- What to produce
Please return each entry that follows exactly as written, and keep the pictures out.
-----
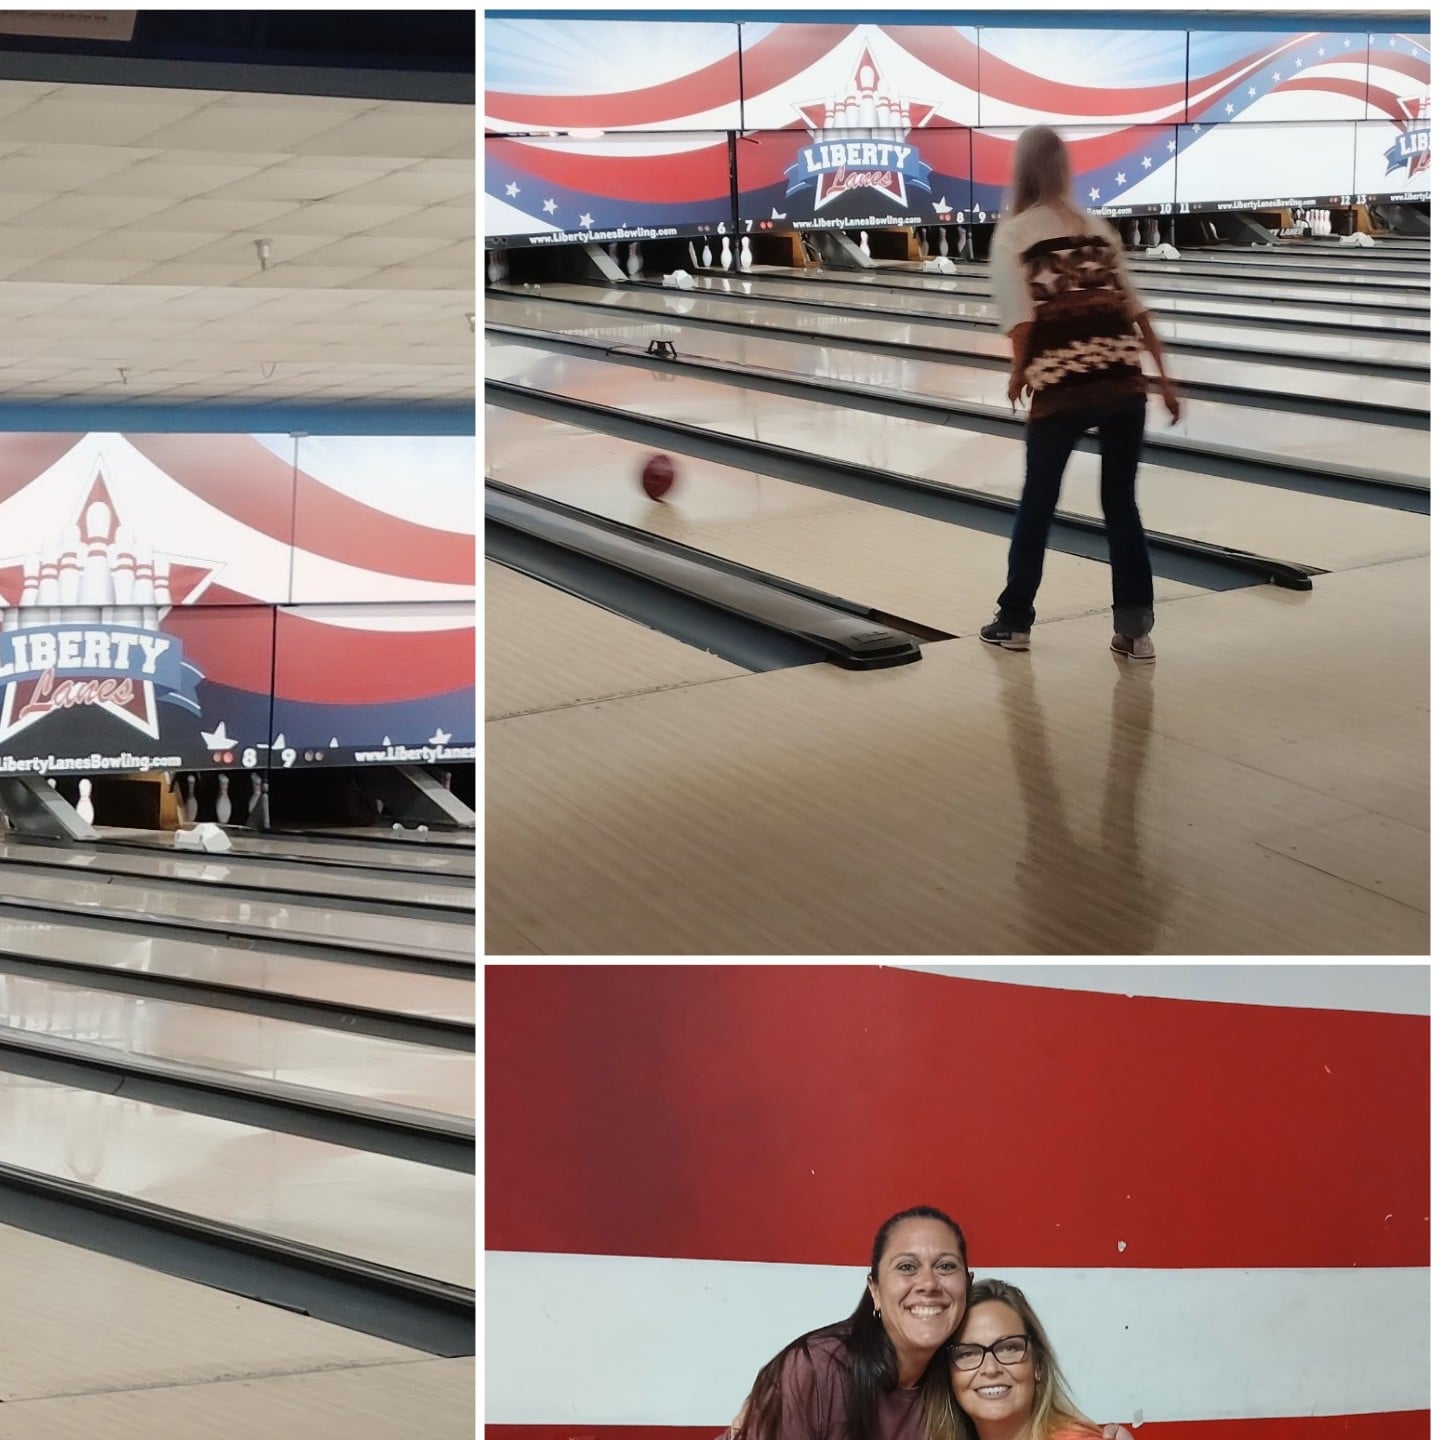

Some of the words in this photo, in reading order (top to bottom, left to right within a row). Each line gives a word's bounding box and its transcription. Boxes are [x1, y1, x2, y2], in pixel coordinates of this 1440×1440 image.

[1400, 133, 1429, 155] LIB
[803, 144, 911, 171] LIBERTY
[825, 166, 893, 195] Lanes
[1218, 199, 1316, 211] www.LibertyLanesBowling.com
[1340, 195, 1351, 205] 12
[1357, 195, 1367, 204] 13
[1086, 206, 1132, 218] Bowling.com
[1160, 203, 1171, 214] 10
[1180, 203, 1190, 213] 11
[792, 216, 921, 229] www.LibertyLanesBowling.com
[956, 212, 964, 222] 8
[978, 212, 986, 222] 9
[717, 222, 726, 233] 6
[744, 220, 753, 232] 7
[529, 228, 677, 245] www.LibertyLanesBowling.com
[18, 670, 135, 719] Lanes
[242, 748, 257, 767] 8
[282, 747, 296, 768] 9
[355, 746, 475, 765] www.LibertyLanes
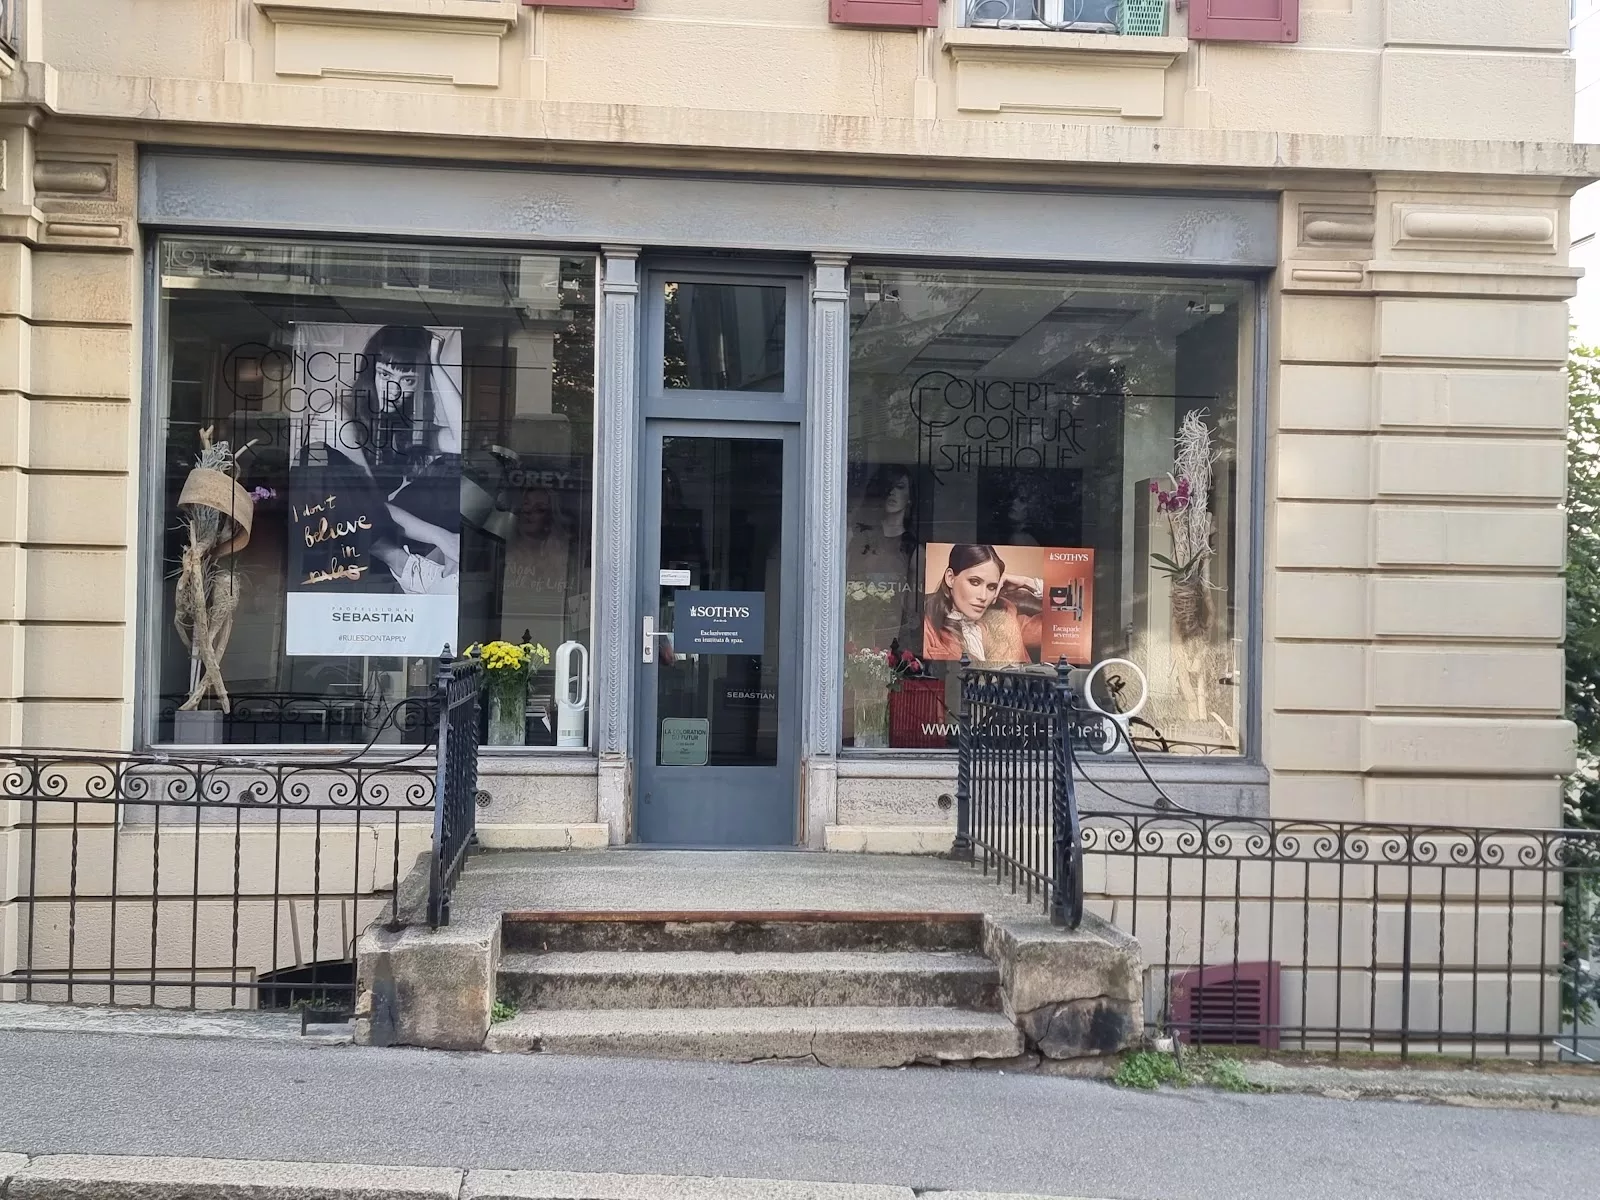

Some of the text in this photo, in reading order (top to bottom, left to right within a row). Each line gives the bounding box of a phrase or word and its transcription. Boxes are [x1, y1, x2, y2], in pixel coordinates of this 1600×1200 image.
-----
- Answer below
Some of the words in this photo, in reading order (top to bottom, left to right within a row). Each line gives a word's bounding box and its transcription. Boxes are [x1, y1, x2, y2], in pixel coordinates of this 1440×1440 image.

[1400, 133, 1429, 155] LIB
[803, 144, 911, 171] LIBERTY
[825, 166, 893, 195] Lanes
[1218, 199, 1316, 211] www.LibertyLanesBowling.com
[1340, 195, 1351, 205] 12
[1357, 195, 1367, 204] 13
[1086, 206, 1132, 218] Bowling.com
[1160, 203, 1171, 214] 10
[1180, 203, 1190, 213] 11
[792, 216, 921, 229] www.LibertyLanesBowling.com
[956, 212, 964, 222] 8
[978, 212, 986, 222] 9
[717, 222, 726, 233] 6
[744, 220, 753, 232] 7
[529, 228, 677, 245] www.LibertyLanesBowling.com
[18, 670, 135, 719] Lanes
[242, 748, 257, 767] 8
[282, 747, 296, 768] 9
[355, 746, 475, 765] www.LibertyLanes

Some of the text in this photo, in reading order (top to bottom, left to right within a row). Each line gives the bounding box of a phrase or word and its transcription. Boxes are [x1, y1, x2, y2], in pixel coordinates of this 1600×1200 image.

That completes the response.